Please repeat, exactly and with nothing extra, the line containing "this 1600×900 image." and every line after it up to the end of the material.

INPUT DATA Block Start

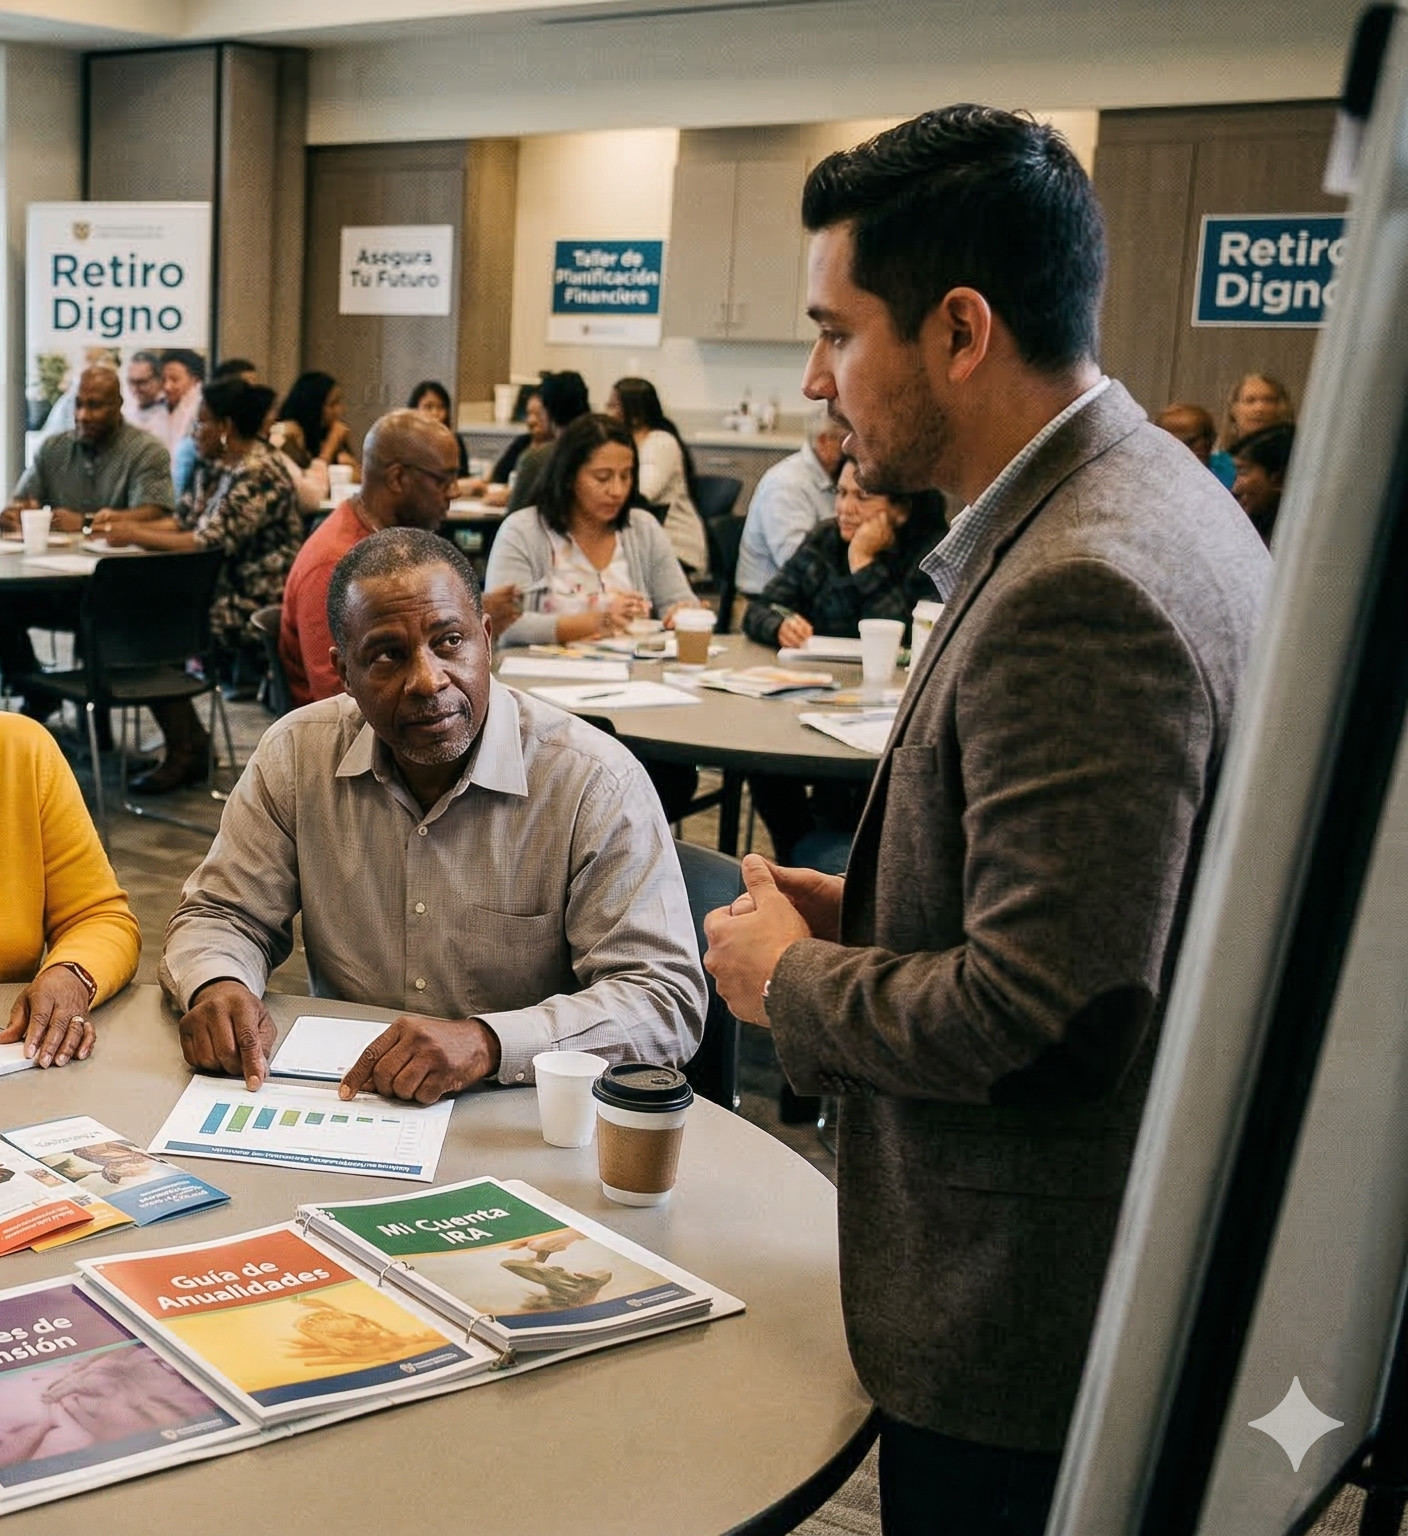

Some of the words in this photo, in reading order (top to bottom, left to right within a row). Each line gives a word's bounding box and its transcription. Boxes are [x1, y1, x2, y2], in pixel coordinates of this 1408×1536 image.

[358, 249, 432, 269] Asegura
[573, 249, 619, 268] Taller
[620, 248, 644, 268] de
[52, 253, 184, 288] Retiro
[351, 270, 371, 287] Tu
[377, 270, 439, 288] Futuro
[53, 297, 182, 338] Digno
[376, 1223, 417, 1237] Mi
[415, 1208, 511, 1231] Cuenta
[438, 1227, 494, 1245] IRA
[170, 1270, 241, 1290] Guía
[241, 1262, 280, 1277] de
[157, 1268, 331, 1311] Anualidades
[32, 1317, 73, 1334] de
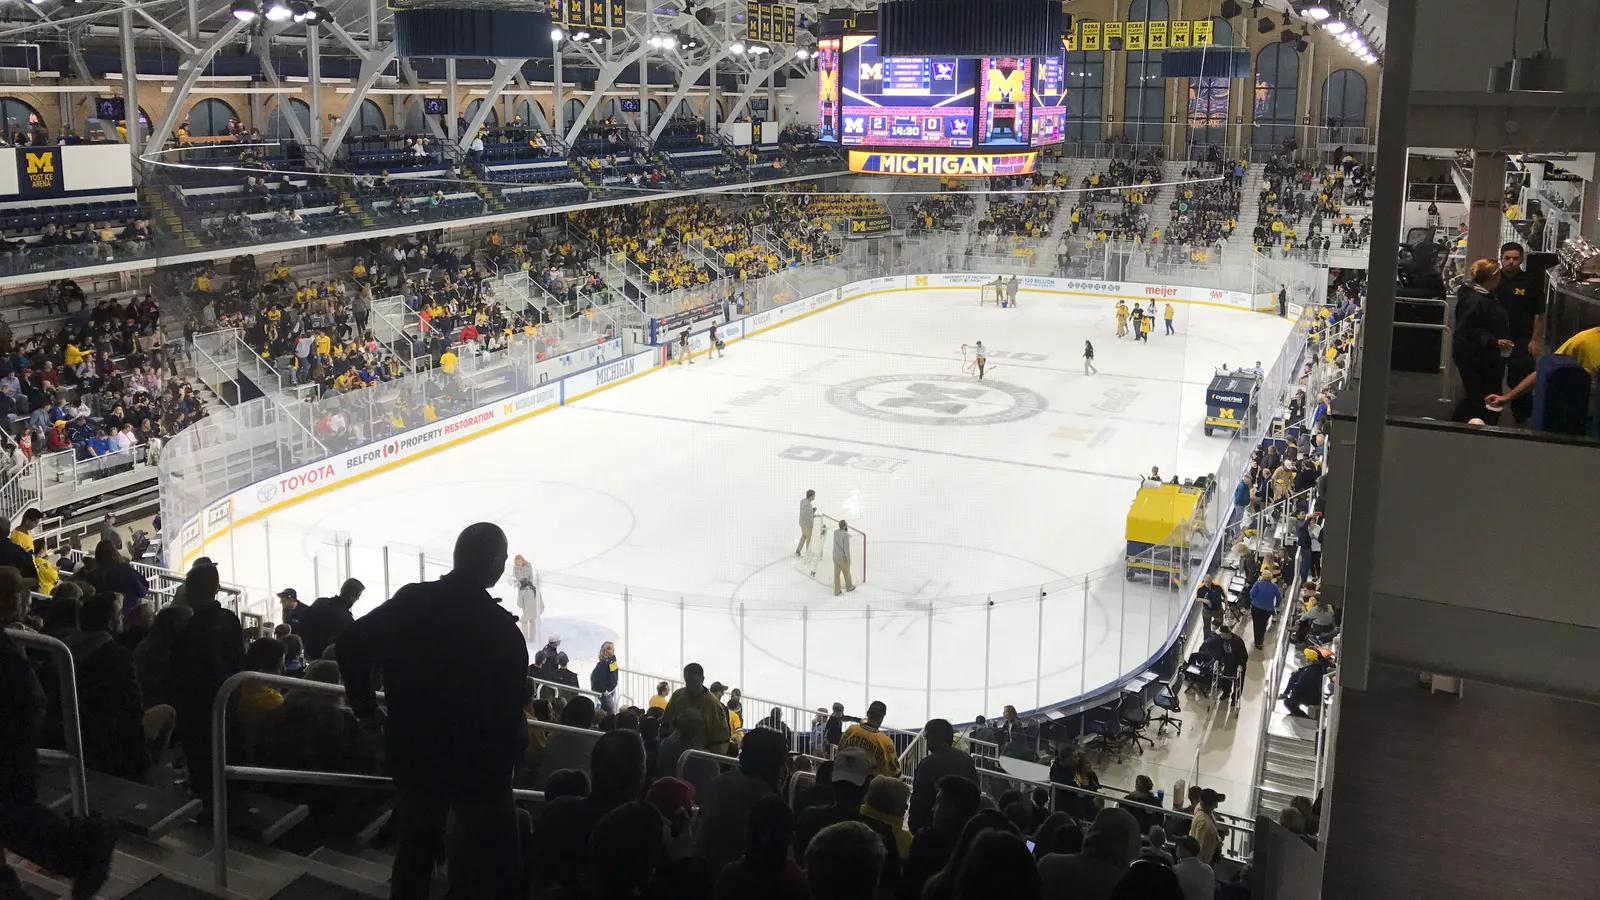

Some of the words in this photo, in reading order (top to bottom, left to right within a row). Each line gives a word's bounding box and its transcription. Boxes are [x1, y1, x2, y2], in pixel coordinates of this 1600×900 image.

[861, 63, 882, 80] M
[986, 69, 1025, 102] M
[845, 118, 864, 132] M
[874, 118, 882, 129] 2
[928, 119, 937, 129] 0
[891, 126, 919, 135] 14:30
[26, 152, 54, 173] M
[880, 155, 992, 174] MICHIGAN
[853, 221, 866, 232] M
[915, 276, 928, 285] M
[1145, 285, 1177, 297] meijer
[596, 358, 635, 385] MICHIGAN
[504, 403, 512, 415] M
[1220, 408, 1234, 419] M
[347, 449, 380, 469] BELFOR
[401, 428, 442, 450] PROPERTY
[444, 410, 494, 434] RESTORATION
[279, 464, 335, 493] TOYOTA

INPUT DATA Block End

WRITTEN ANSWER ::
Some of the words in this photo, in reading order (top to bottom, left to right within a row). Each line gives a word's bounding box and its transcription. Boxes are [x1, y1, x2, y2], in pixel coordinates of this 1600×900 image.

[861, 63, 882, 80] M
[986, 69, 1025, 102] M
[845, 118, 864, 132] M
[874, 118, 882, 129] 2
[928, 119, 937, 129] 0
[891, 126, 919, 135] 14:30
[26, 152, 54, 173] M
[880, 155, 992, 174] MICHIGAN
[853, 221, 866, 232] M
[915, 276, 928, 285] M
[1145, 285, 1177, 297] meijer
[596, 358, 635, 385] MICHIGAN
[504, 403, 512, 415] M
[1220, 408, 1234, 419] M
[347, 449, 380, 469] BELFOR
[401, 428, 442, 450] PROPERTY
[444, 410, 494, 434] RESTORATION
[279, 464, 335, 493] TOYOTA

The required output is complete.